This issue tracker has been migrated to GitHub, and is currently read-only.
For more information, see the GitHub FAQs in the Python's Developer Guide.

classification
Title: array.fromstring Use After Free
Type: crash Stage: resolved
Components: Extension Modules Versions: Python 2.7
process
Status: closed Resolution: fixed
Dependencies: Superseder:
Assigned To: serhiy.storchaka Nosy List: Arfrever, JohnLeitch, benjamin.peterson, python-dev, serhiy.storchaka
Priority: normal Keywords: patch

Created on 2015-07-12 00:32 by JohnLeitch, last changed 2022-04-11 14:58 by admin. This issue is now closed.

Files
File name Uploaded Description Edit
array.fromstring-Use-After-Free.py JohnLeitch, 2015-07-12 00:32 repro file
arraymodule.c.patch JohnLeitch, 2015-07-12 00:33 patch
array.fromstring-Use-After-Free.patch JohnLeitch, 2015-07-25 20:58
Messages (11)
msg246621 - (view) Author: John Leitch (JohnLeitch) * Date: 2015-07-12 00:32
The Python array.fromstring() method suffers from a use after free caused by unsafe realloc use. The issue is triggered when an array is concatenated to itself via fromstring() call:

static PyObject *
array_fromstring(arrayobject *self, PyObject *args)
{
    char *str;
    Py_ssize_t n;
    int itemsize = self->ob_descr->itemsize;
    if (!PyArg_ParseTuple(args, "s#:fromstring", &str, &n)) <<<< The str buffer is parsed from args. In cases where an array is passed to itself, self->ob_item == str.
        return NULL;
    if (n % itemsize != 0) {
        PyErr_SetString(PyExc_ValueError,
                   "string length not a multiple of item size");
        return NULL;
    }
    n = n / itemsize;
    if (n > 0) {
        char *item = self->ob_item; <<<< If str == self->ob_item, item == str.
        if ((n > PY_SSIZE_T_MAX - Py_SIZE(self)) ||
            ((Py_SIZE(self) + n) > PY_SSIZE_T_MAX / itemsize)) {
                return PyErr_NoMemory();
        }
        PyMem_RESIZE(item, char, (Py_SIZE(self) + n) * itemsize); <<<< A realloc call occurs here with item passed as the ptr argument. Because realloc sometimes calls free(), this means that item may be freed. If item was equal to str, str is now pointing to freed memory.
        if (item == NULL) {
            PyErr_NoMemory();
            return NULL;
        }
        self->ob_item = item;
        Py_SIZE(self) += n;
        self->allocated = Py_SIZE(self);
        memcpy(item + (Py_SIZE(self) - n) * itemsize,
               str, itemsize*n); <<<< If str is dangling at this point, a use after free occurs here.
    }
    Py_INCREF(Py_None);
    return Py_None;
}

In most cases when this occurs, the function behaves as expected; while the dangling str pointer is technically pointing to deallocated memory, given the timing it is highly likely the memory contains the expected data. However, ocassionally, an errant allocation will occur between the realloc and memcpy, leading to unexpected contents in the str buffer.

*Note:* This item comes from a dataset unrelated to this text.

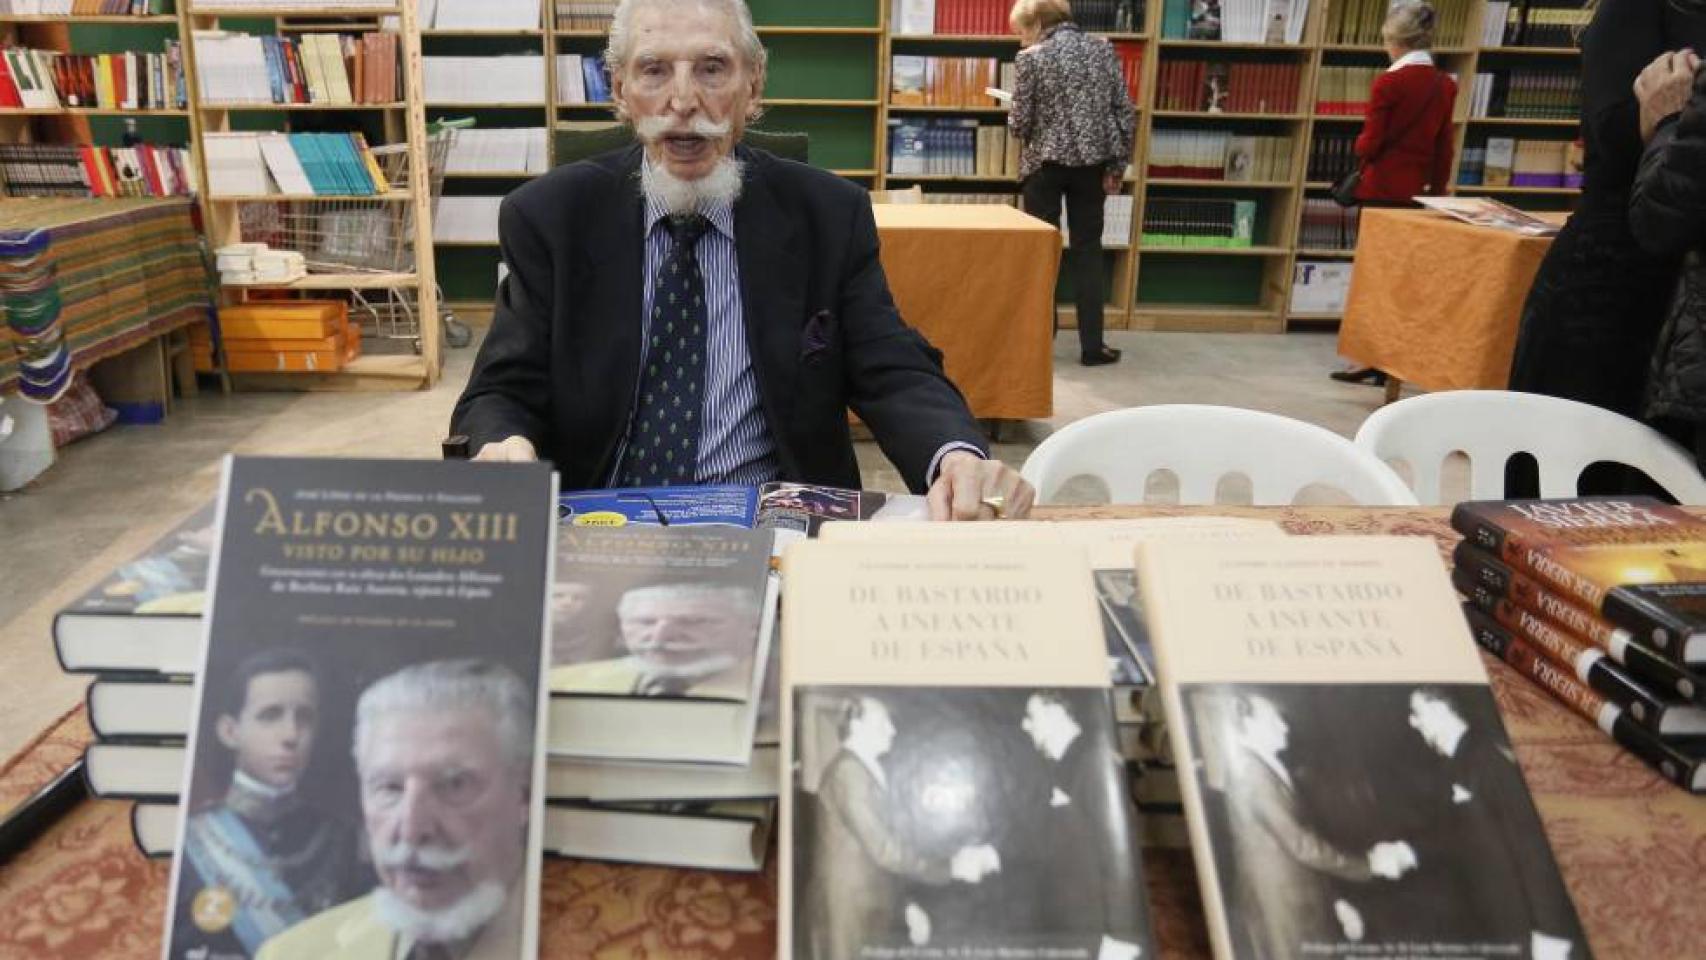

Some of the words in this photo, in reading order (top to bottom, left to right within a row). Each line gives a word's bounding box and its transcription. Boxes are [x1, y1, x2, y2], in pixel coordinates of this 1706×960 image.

In applications that expose otherwise innocuous indirect object control of arrays as attack surface, it may be possible for an attacker to trigger the corruption of arrays. This could potentially be exploited to exfiltrate data or achieve privilege escalation, depending on subsequent operations performed using corrupted arrays.

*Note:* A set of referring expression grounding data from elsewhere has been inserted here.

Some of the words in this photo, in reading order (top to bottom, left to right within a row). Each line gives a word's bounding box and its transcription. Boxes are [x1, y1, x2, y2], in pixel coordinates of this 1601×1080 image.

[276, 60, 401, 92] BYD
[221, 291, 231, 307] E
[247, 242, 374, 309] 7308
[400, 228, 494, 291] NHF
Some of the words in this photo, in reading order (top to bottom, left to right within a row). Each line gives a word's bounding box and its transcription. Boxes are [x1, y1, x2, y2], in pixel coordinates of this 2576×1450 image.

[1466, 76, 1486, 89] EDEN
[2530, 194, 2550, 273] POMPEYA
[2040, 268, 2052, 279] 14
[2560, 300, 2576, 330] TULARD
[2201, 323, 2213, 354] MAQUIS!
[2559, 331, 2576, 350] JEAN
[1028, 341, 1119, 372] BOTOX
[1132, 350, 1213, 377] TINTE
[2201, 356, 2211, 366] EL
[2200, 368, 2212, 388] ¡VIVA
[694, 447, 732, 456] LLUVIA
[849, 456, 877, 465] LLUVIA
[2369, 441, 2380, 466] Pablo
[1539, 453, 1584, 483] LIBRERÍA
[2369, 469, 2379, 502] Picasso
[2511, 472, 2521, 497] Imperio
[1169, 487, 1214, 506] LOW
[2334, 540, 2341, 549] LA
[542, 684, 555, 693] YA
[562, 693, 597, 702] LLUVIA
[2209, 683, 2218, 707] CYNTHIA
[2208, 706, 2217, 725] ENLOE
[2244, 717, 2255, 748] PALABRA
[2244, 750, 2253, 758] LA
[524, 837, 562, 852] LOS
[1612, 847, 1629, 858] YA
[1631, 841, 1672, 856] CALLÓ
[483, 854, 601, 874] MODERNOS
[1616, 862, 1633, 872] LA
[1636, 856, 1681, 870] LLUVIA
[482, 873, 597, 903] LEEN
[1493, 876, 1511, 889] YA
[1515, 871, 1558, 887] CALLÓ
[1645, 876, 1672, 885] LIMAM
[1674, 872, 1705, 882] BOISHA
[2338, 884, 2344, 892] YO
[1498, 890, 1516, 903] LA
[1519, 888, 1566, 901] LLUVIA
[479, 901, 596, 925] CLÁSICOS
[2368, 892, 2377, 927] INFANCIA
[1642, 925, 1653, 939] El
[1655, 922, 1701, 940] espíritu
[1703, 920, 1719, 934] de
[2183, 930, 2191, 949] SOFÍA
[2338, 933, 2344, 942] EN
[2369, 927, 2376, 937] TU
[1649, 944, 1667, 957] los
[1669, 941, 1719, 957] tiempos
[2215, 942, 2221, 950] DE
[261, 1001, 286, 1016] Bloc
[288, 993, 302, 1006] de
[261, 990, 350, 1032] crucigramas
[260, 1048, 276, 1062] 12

A proof-of-concept follows:

import array
import sys
import random

testNumber = 0

def dump(value):
	global testNumber
	i = 0
	for x in value:
		y = ord(x)
		if (y != 0x41): 
			end = ''.join(value[i:]).index('A' * 0x10)
			sys.stdout.write("%08x a[%08x]: " % (testNumber, i))
			for z in value[i:i+end]: sys.stdout.write(hex(ord(z))[2:])
			sys.stdout.write('\r\n')
			break			
		i += 1

def copyArray():
	global testNumber
	while True:
		a=array.array("c",'A'*random.randint(0x0, 0x10000))
		a.fromstring(a)
		dump(a)
		testNumber += 1
	
print "Starting..."	
copyArray()

The script repeatedly creates randomly sized arrays filled with 0x41, then calls fromstring() and checks the array for corruption. If any is found, the relevant bytes are written to the console as hex. The output should look something like this:

Starting...
00000007 a[00000cdc]: c8684d0b0f54c0
0000001d a[0000f84d]: b03f4f0b8be620
00000027 a[0000119f]: 50724d0b0f54c0
0000004c a[00000e53]: b86b4d0b0f54c0
0000005a a[000001e1]: d8ab4609040620
00000090 a[0000015b]: 9040620104e5f0
0000014d a[000002d6]: 10ec620d8ab460
00000153 a[000000f7]: 9040620104e5f0
0000023c a[00000186]: 50d34c0f8b65a0
00000279 a[000001c3]: d8ab4609040620
000002ee a[00000133]: 9040620104e5f0
000002ff a[00000154]: 9040620104e5f0
0000030f a[00000278]: 10ec620d8ab460
00000368 a[00000181]: 50d34c0f8b65a0
000003b2 a[0000005a]: d0de5f0d05e5f0
000003b5 a[0000021c]: b854d00d3620
00000431 a[000001d8]: d8ab4609040620
0000044b a[000002db]: 10ec620d8ab460
00000461 a[000000de]: 9040620104e5f0
000004fb a[0000232f]: 10f74d0c0ce620
00000510 a[0000014a]: 9040620104e5f0

In some applications, such as those that are web-based, similar circumstances may manifest that would allow for remote exploitation.

To fix the issue, array_fromstring should check if self->ob_item is pointing to the same memory as str, and handle the copy accordingly. A proposed patch is attached.
msg246622 - (view) Author: John Leitch (JohnLeitch) * Date: 2015-07-12 00:33
Attaching patch.
msg247051 - (view) Author: Serhiy Storchaka (serhiy.storchaka) * (Python committer) Date: 2015-07-21 19:28
Minimal example:

import array
a = array.array("B")
a.fromstring(b'x'*0x10000)
a.fromstring(a)
a.fromstring(a)

In 3.x it doesn't work. An exception is raised:

Traceback (most recent call last):
  File "<stdin>", line 1, in <module>
BufferError: cannot resize an array that is exporting buffers

I think it would be better to raise an exception in 2.7 too.
msg247297 - (view) Author: John Leitch (JohnLeitch) * Date: 2015-07-24 18:23
I understand the desire for consistency and I will create such a patch when I get some slack space (hopefully tonight), but I believe it will constitute a breaking change; in 2.7, passing self to array.fromstring works as expected most of the time.
msg247298 - (view) Author: Serhiy Storchaka (serhiy.storchaka) * (Python committer) Date: 2015-07-24 18:45
This is not about consistency, this is about that don't encourage users to write new code incompatible with 3.x. For now passing self to array.fromstring() doesn't work in 3.x and doesn't work (sporadically crashes) and never worked in 2.7.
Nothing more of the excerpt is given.